=== Begin Enclosure ===
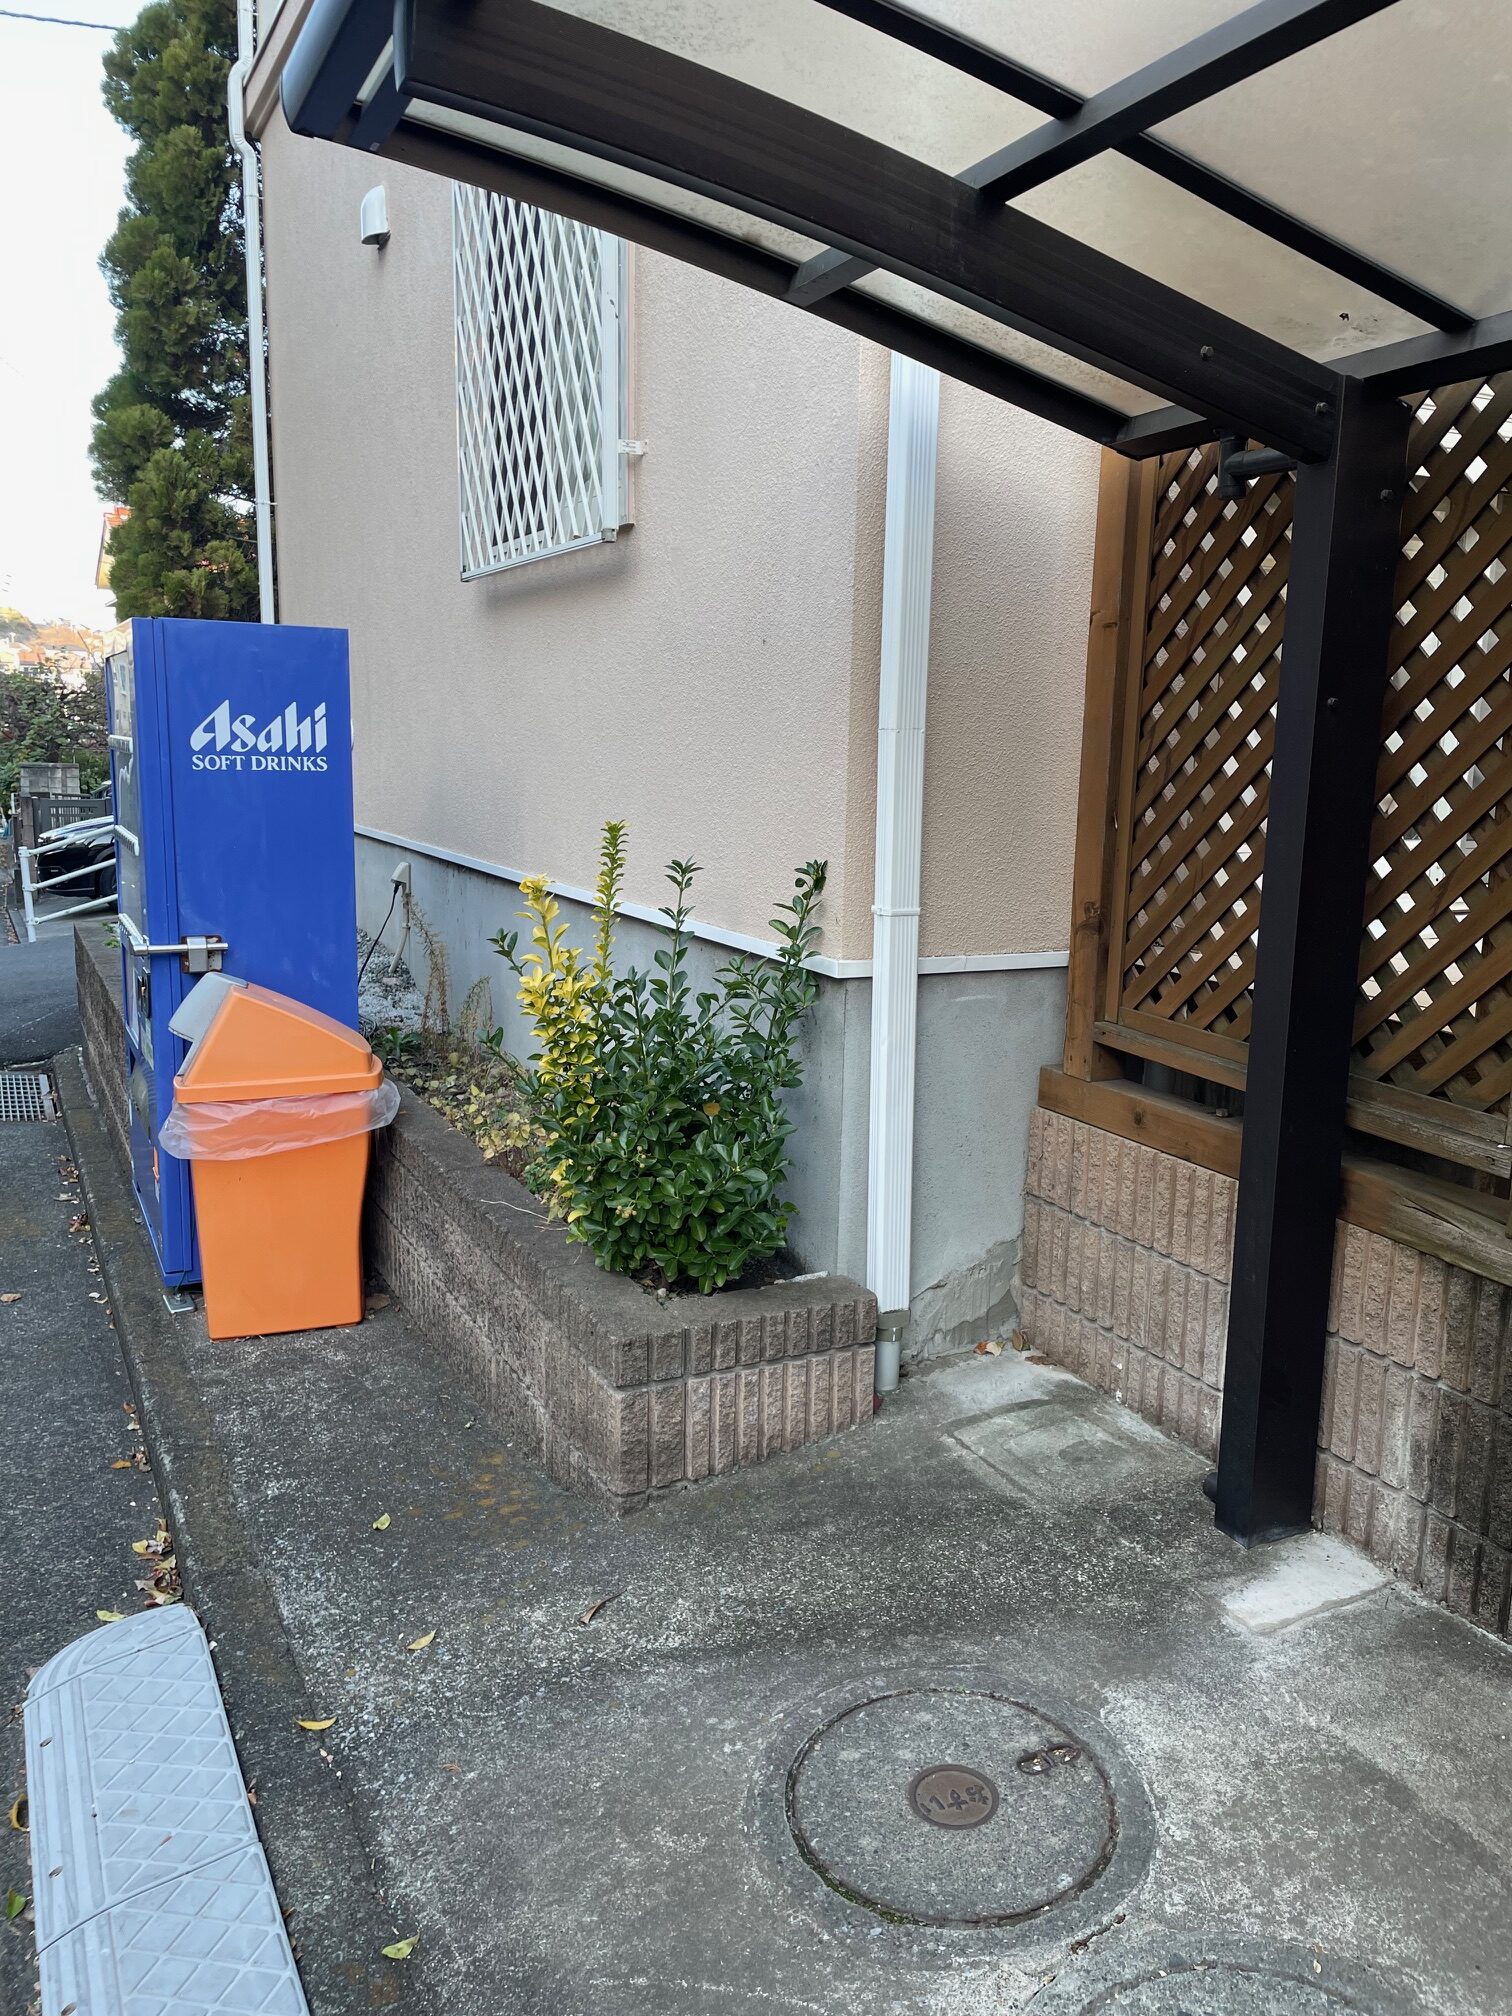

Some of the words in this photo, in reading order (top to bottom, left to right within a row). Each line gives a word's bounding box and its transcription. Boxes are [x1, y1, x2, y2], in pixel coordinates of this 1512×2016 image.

[190, 699, 327, 753] Asahi
[192, 754, 246, 771] SOFT
[251, 755, 328, 772] DRINKS
[919, 1784, 990, 1814] おすい
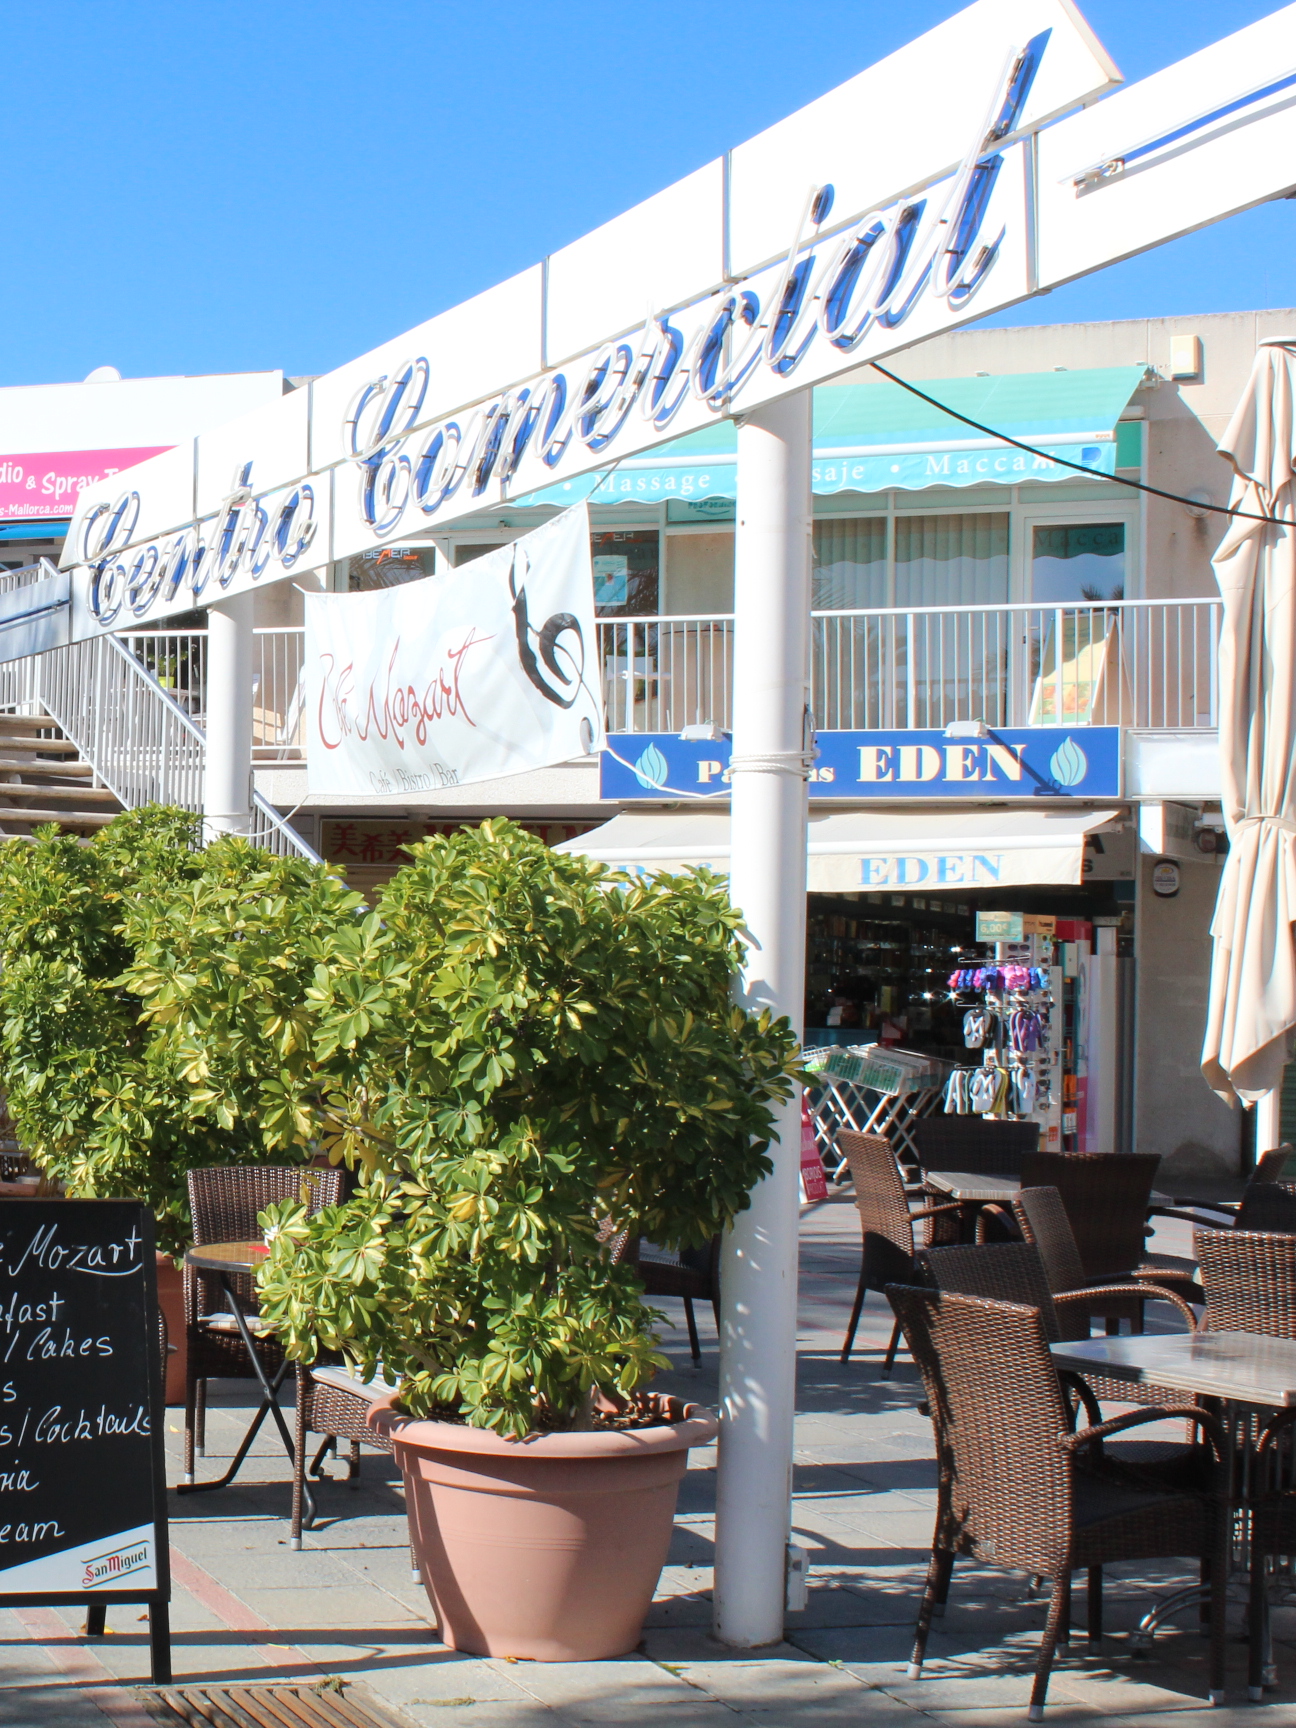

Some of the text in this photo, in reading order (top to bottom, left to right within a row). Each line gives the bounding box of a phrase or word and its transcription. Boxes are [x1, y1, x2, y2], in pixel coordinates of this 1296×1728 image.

[75, 27, 1052, 627] Centro Comercial
[25, 475, 37, 489] &
[593, 473, 711, 496] Massage
[355, 627, 498, 750] Mozart
[396, 768, 431, 791] Bistro
[434, 762, 459, 786] Bar
[856, 744, 1027, 783] EDEN
[857, 855, 1005, 886] EDEN
[8, 1223, 143, 1276] Mozart
[26, 1327, 114, 1361] Cakes
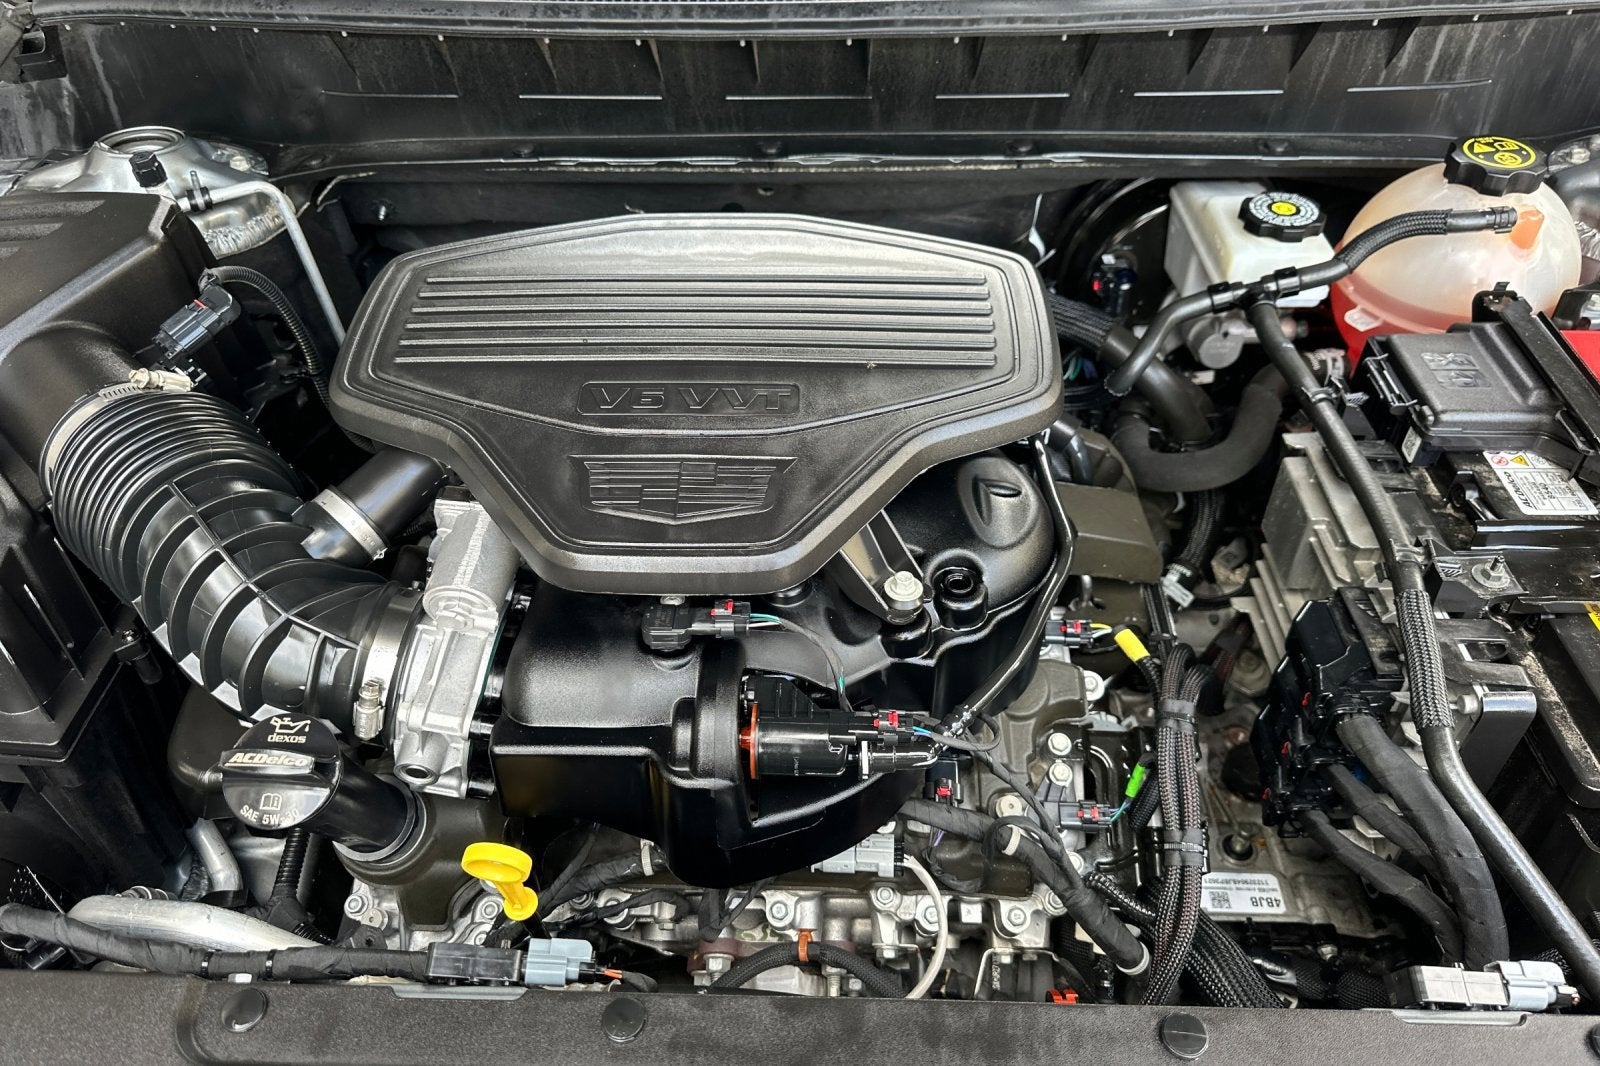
=== End Enclosure ===
Problem statement:
With the pictures omitted, give every line above again exactly.

Solution for this task:
Some of the words in this photo, in reading order (top to bottom, left to right within a row). Each line gives a word's bounding box and its transcription. Boxes are [x1, y1, x2, y2], in pixel coordinates of this 1512×2016 image.

[190, 699, 327, 753] Asahi
[192, 754, 246, 771] SOFT
[251, 755, 328, 772] DRINKS
[919, 1784, 990, 1814] おすい

Some of the text in this photo, in reading order (top to bottom, left to right within a row). Each line gives the bounding box of a phrase or word and its transcription. Boxes are [x1, y1, x2, y2], in pixel coordinates of this 1296×1728 image.

[75, 27, 1052, 627] Centro Comercial
[25, 475, 37, 489] &
[593, 473, 711, 496] Massage
[355, 627, 498, 750] Mozart
[396, 768, 431, 791] Bistro
[434, 762, 459, 786] Bar
[856, 744, 1027, 783] EDEN
[857, 855, 1005, 886] EDEN
[8, 1223, 143, 1276] Mozart
[26, 1327, 114, 1361] Cakes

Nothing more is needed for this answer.